Te pasas la vida entera disfrutando de los regalos de los Reyes Magos y nunca te preguntas cómo lo consiguen. Al comprobar que no se trataba de una broma sentimos una enorme responsabilidad, nos jugábamos mucho.

 

A su favor tenemos que decir que pudimos trabajar con ellos como si formáramos parte de su equipo. Es cierto lo de su generosidad, compartieron con nosotros algunos datos muy comprometedores (nunca preguntéis qué hacen con las copas de licor que suelen encontrar en los salones de las casas).

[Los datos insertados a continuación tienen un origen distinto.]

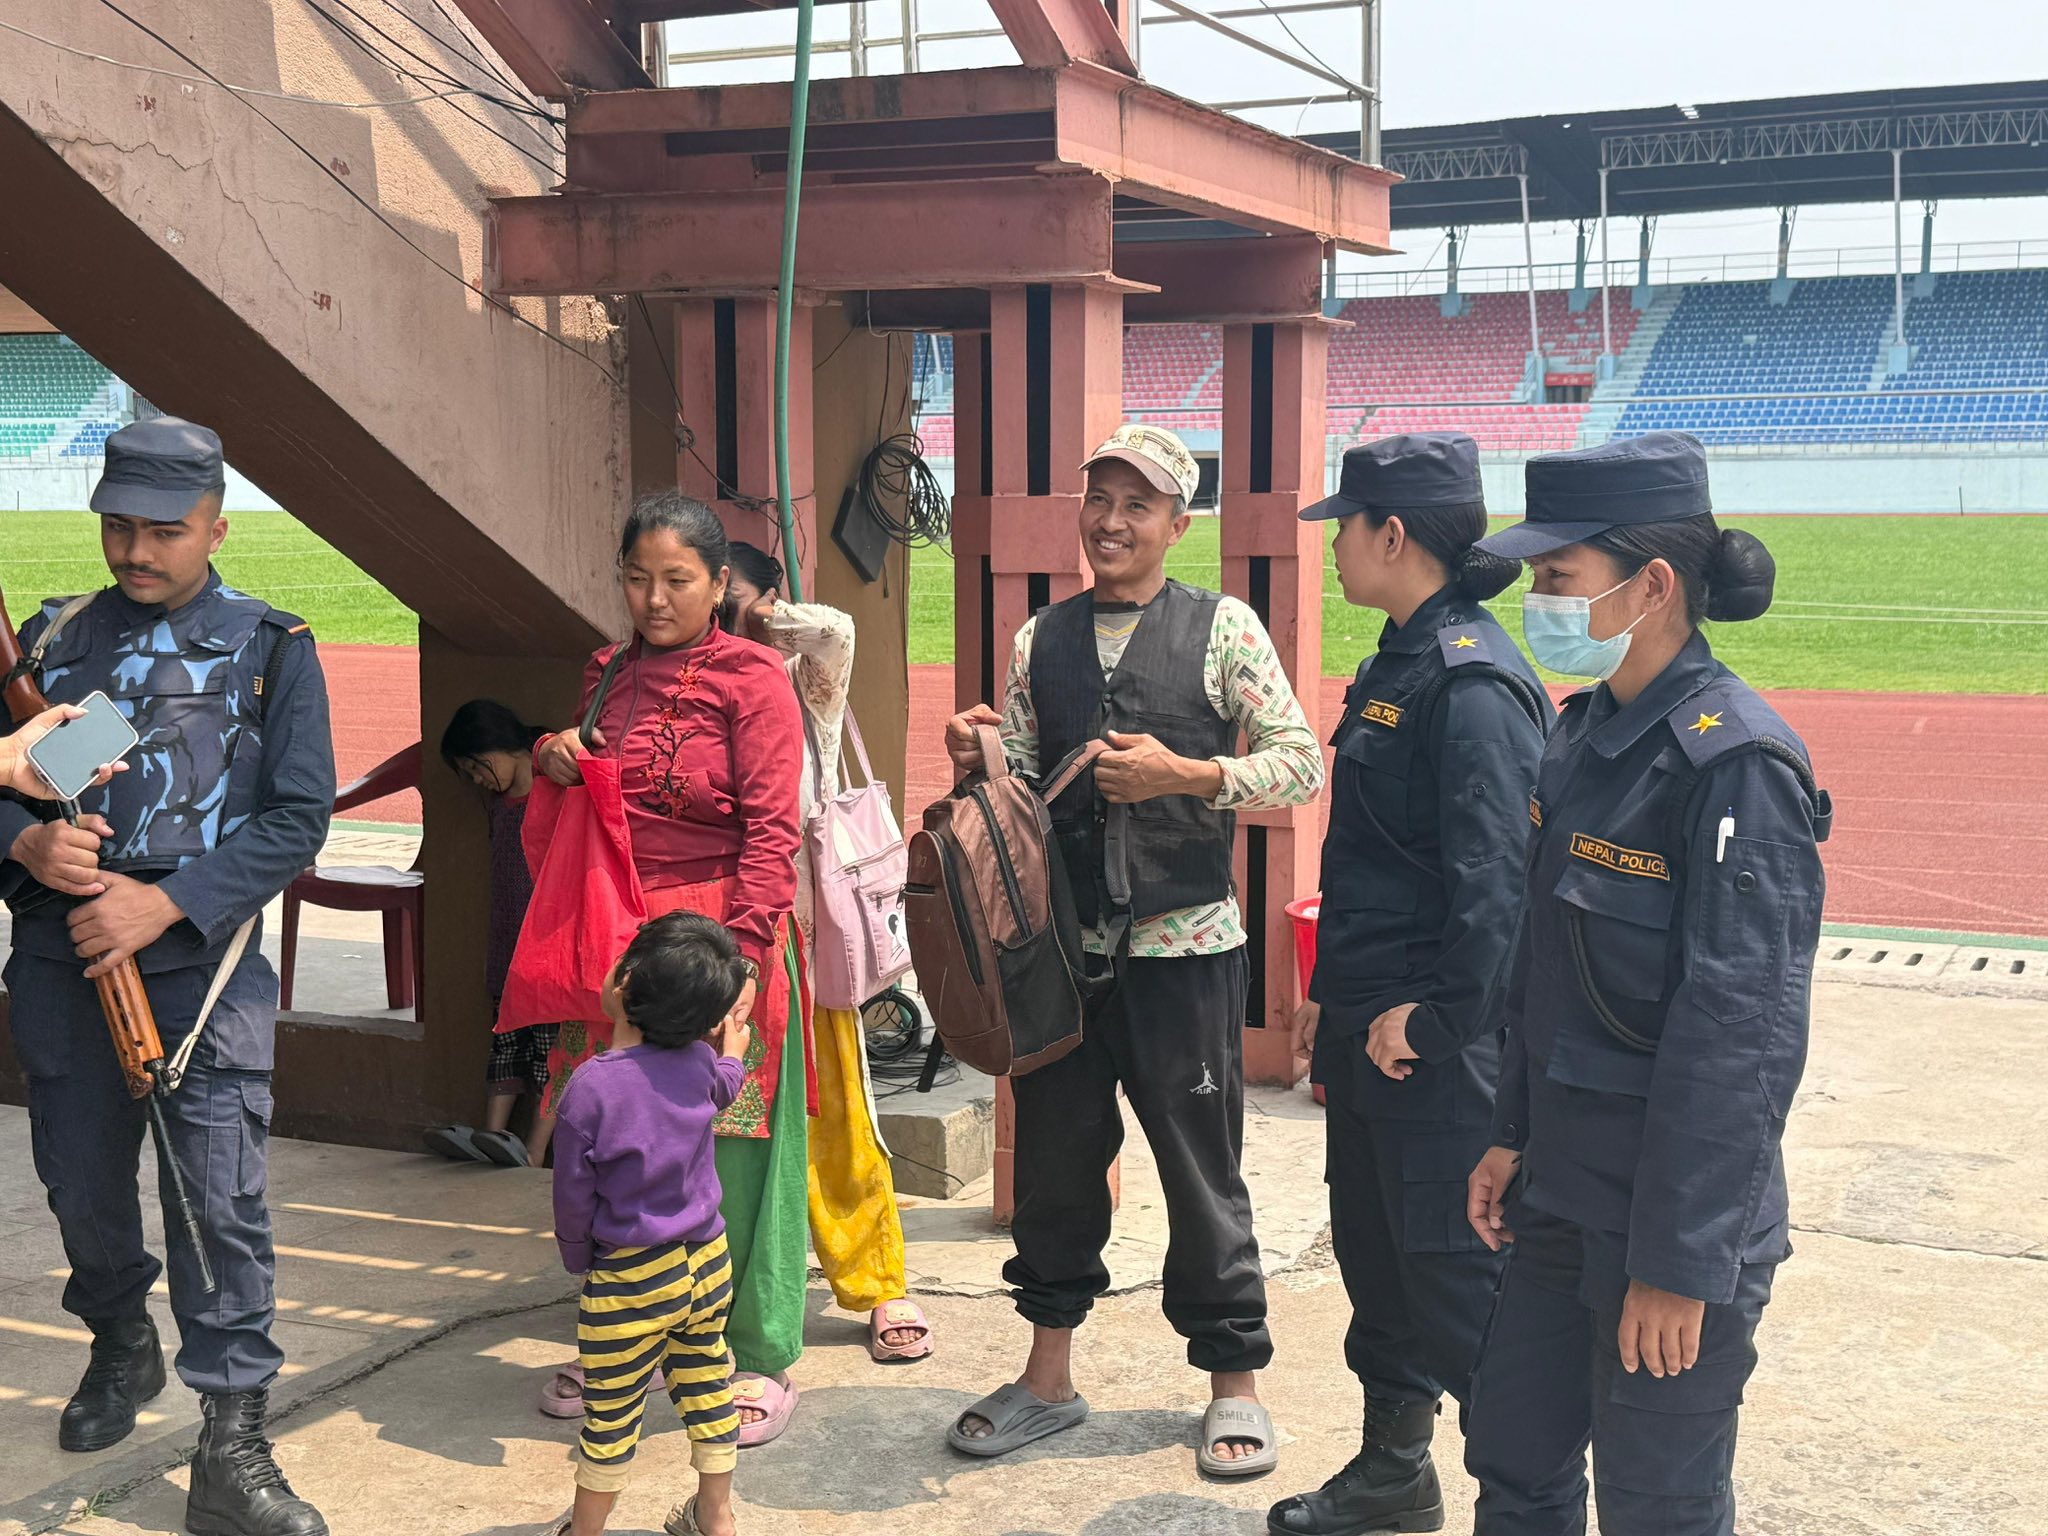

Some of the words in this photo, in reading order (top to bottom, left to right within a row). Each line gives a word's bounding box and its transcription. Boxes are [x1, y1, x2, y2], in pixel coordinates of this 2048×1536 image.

[1577, 839, 1616, 864] NEPAL
[1619, 854, 1666, 874] POLICE
[1216, 1410, 1255, 1424] SMILE
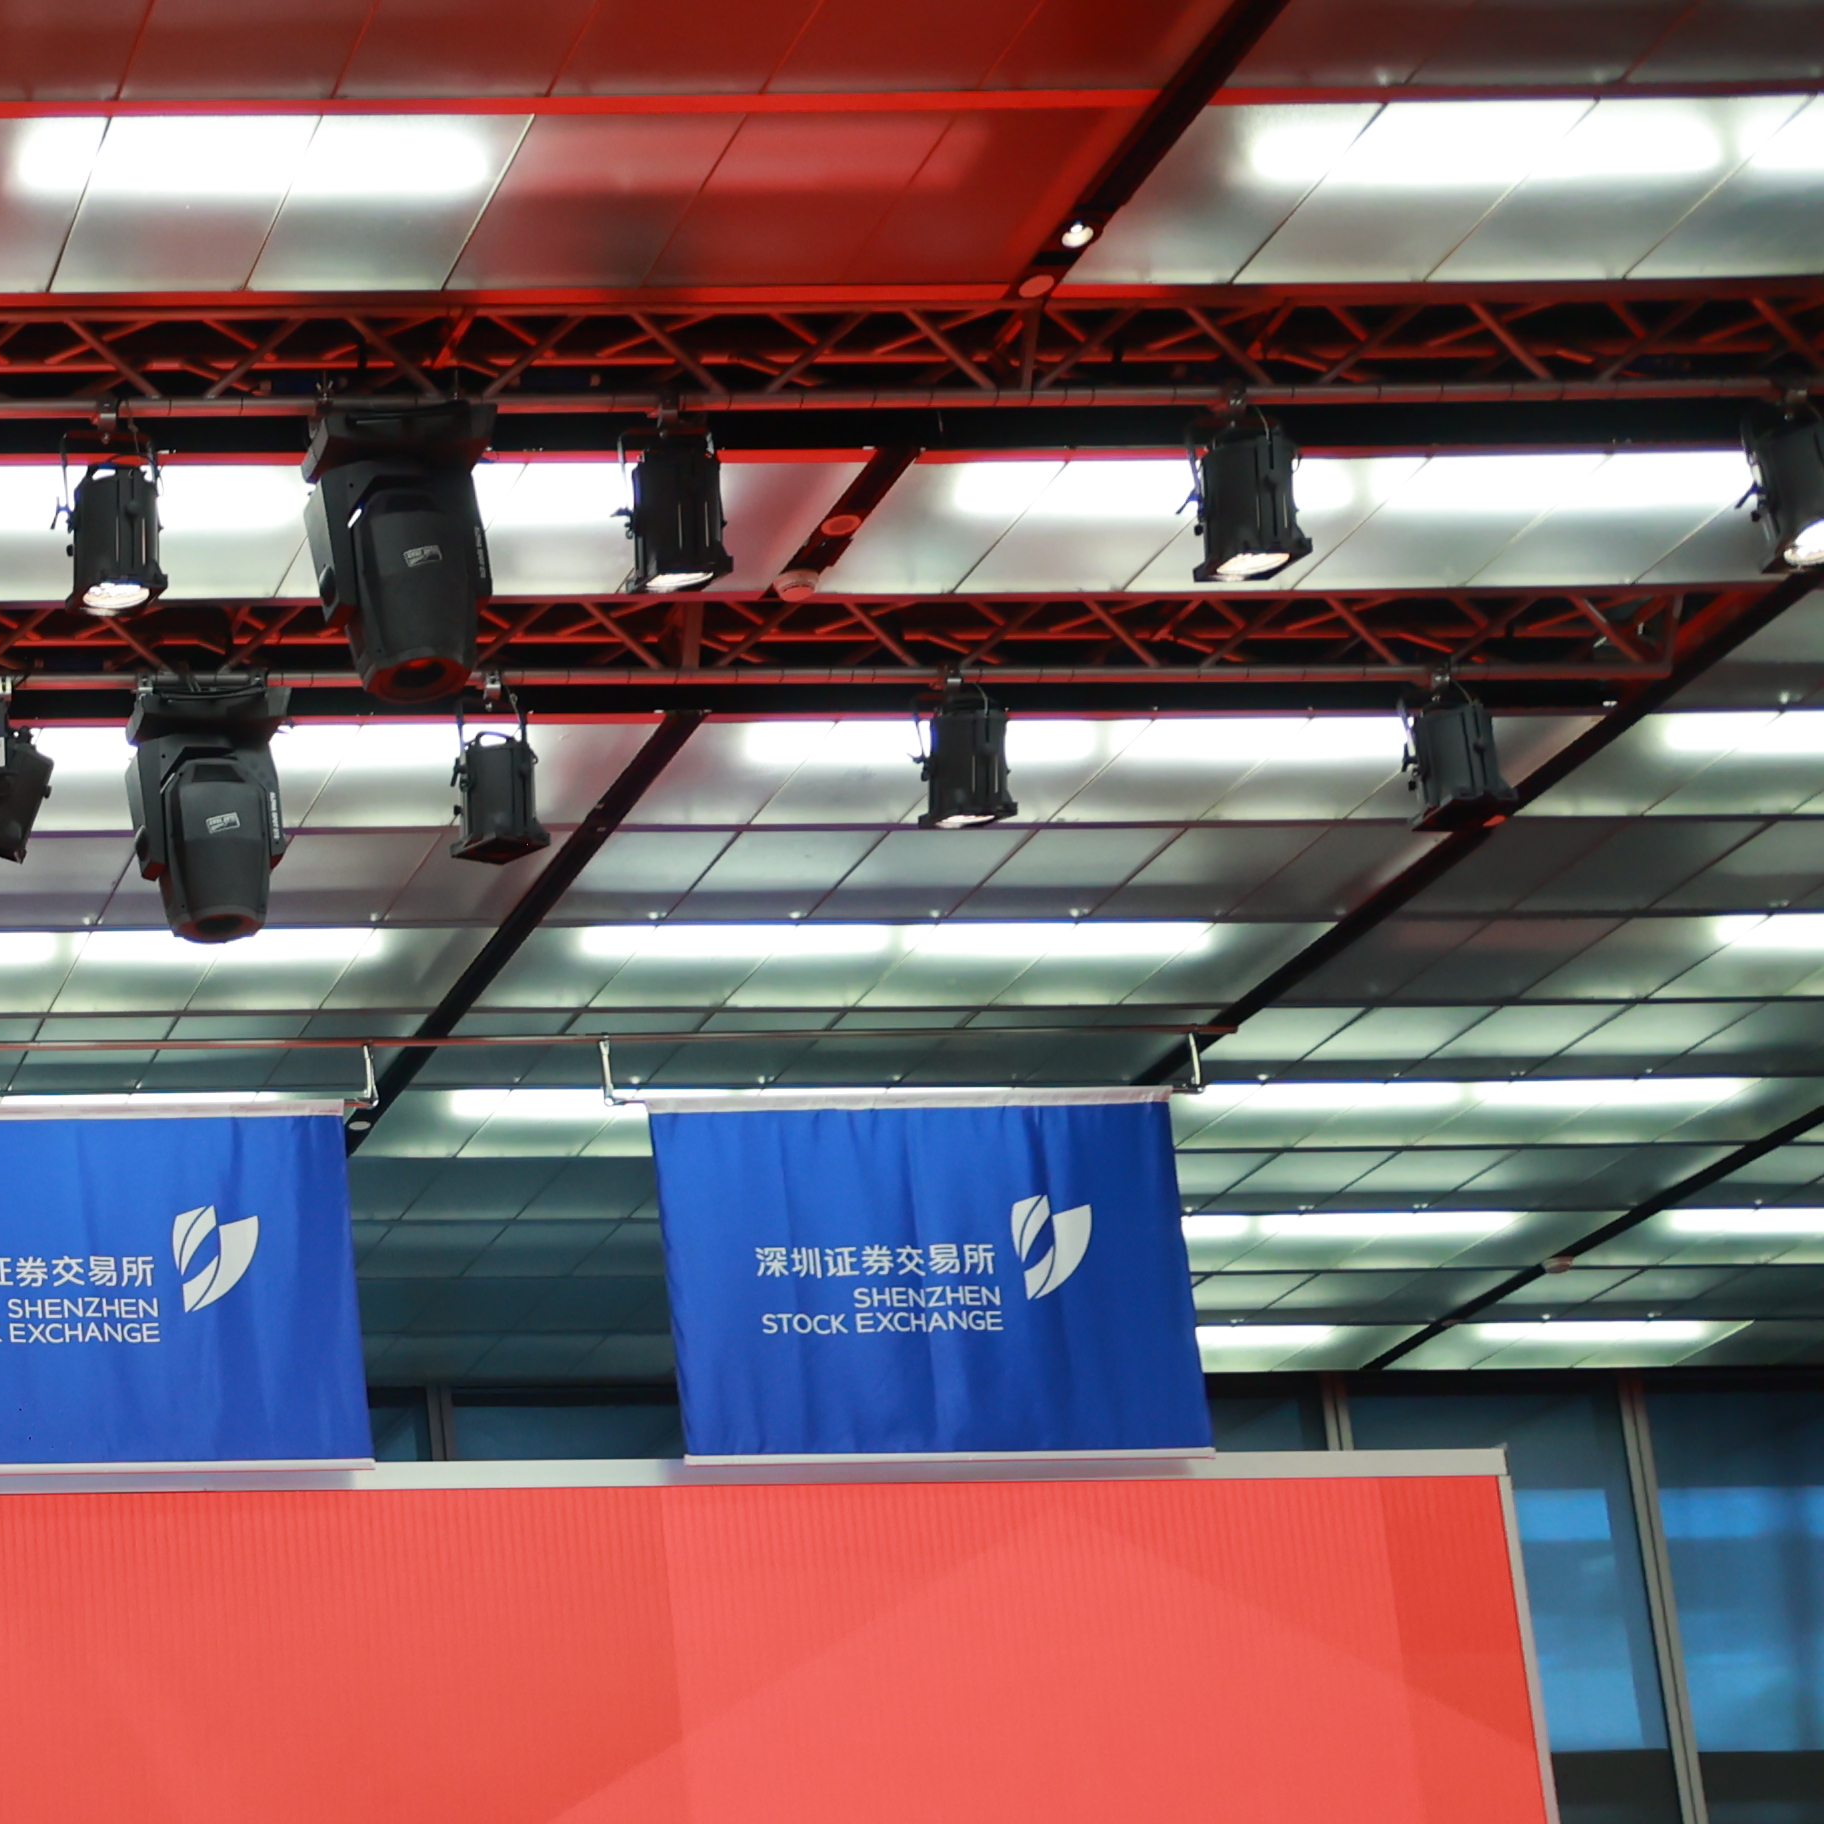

También tenían sus problemas, especialmente con algunas costumbres que estaban demasiado arraigadas para que pudiéramos cuestionarlas. Lo de las cartas es sólo un ejemplo, pero hay más.

 

Al final de nuestra sesión de trabajo pudimos detectar varios agujeros de gusano, esos cuellos de botella en donde el espacio y el tiempo se confunden. Nos gusta pensar que gracias a nuestro trabajo la campaña de este año será más eficaz que las anteriores. “Nosotros lo que queremos es cumplir con las expectativas de la gente”, dijo Gaspar. “Nos meten mucha presión”, comentó Melchor. “Ni los camellos ni los ropajes nos están haciendo ningún favor”, concluyó Baltasar.

 

Así es, los Reyes Magos son como nosotros, en palabras de Shylock (“El Mercader de Venecia”, Shakespeare, 1597): “¿No tiene ojos un Rey Mago? ¿No tiene manos, órganos, cuerpo, sentidos, afectos, pasiones? ¿No lo nutre el mismo alimento, no lo hieren las mismas armas y lo postran las mismas enfermedades?”

 

¡Feliz Navidad a todos y Feliz Año Nuevo!